Though he remained in the public school system for four more years, his interest in field and forest was growing, and he began buying land between the Sandy Ridge and Deep River communities, near where he was born and where most of his forebears had lived over more than two centuries. He wanted to go to the land but was not sure that he should. In the spring of 1928 he decided to return to The University of North Carolina and earn a doctorate in history before making a final decision. That summer, when he and Kate moved to Chapel Hill, he began his studies under R. D. W. Connor and she took a teaching position in the local high school. In 1931, when he had completed work for the Ph.D., the Great Depression was on and good teaching positions were scarce. Pegg built a brick house on his land near the center of Deep River township and settled into the business of growing corn, clover, wheat, soybeans, and melons, and, more important, of enriching his fields and managing his forests and streams. He often said that one of the most important things one could do in this world was to improve some segment, however small, of the physical environment, for life and society would depend increasingly on the products of field, forest, and stream as populations grew, the supplies of oil and coal dwindled, and industrial and nuclear waste accumulated.

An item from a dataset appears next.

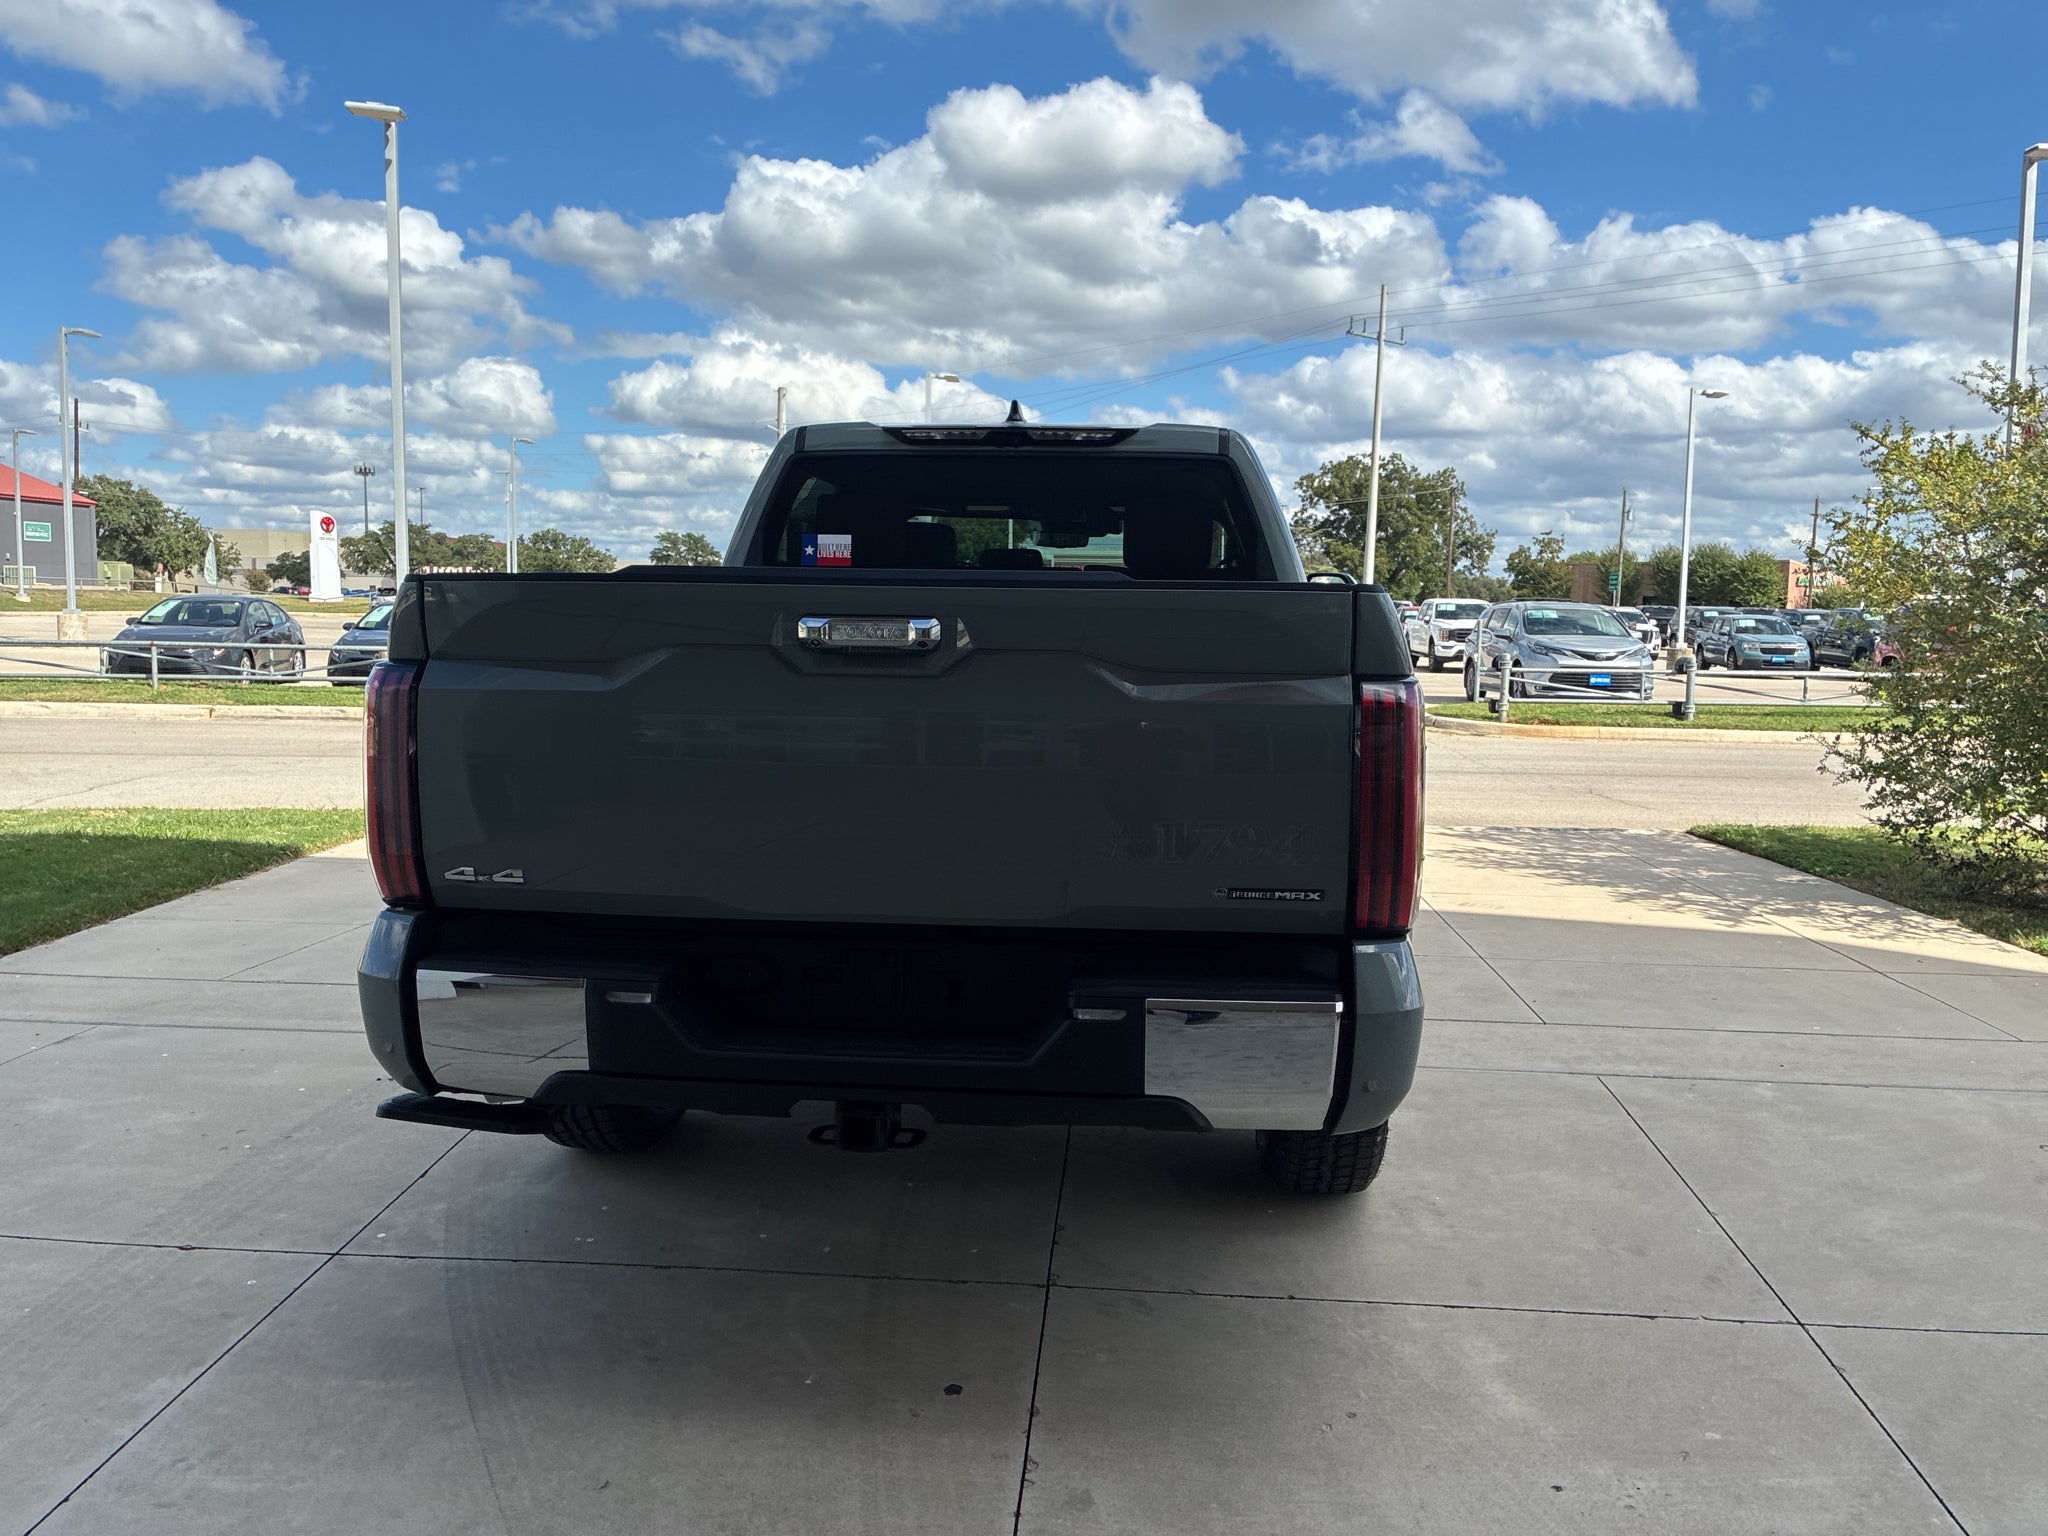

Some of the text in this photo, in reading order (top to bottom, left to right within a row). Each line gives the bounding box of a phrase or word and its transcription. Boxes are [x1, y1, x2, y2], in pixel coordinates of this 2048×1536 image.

[817, 550, 852, 558] LIVES HERE
[836, 623, 901, 640] TOYOTA
[1154, 822, 1316, 866] 1794

Absorbed as he became in farming and conservation, however, his interest in history and the education of young people never waned. During the 1960s Pegg did additional work on his doctoral dissertation and published it in 1969 under the title of The Whig Party in North Carolina. At the same time he and Kate, ever conscious of the financial problems they had faced as students, decided to leave most of their modest properties for a scholarship fund for needy and deserving boys and girls in the predominantly rural areas of nine counties in the central Piedmont. Holders of Herbert Dale Pegg and Mayme Kate Carter Pegg Scholarships may attend either the Chapel Hill or the Greensboro branch of The University of North Carolina. He died in the Wesley Long Hospital in Greensboro and was buried in the cemetery at the Sandy Ridge Methodist Church.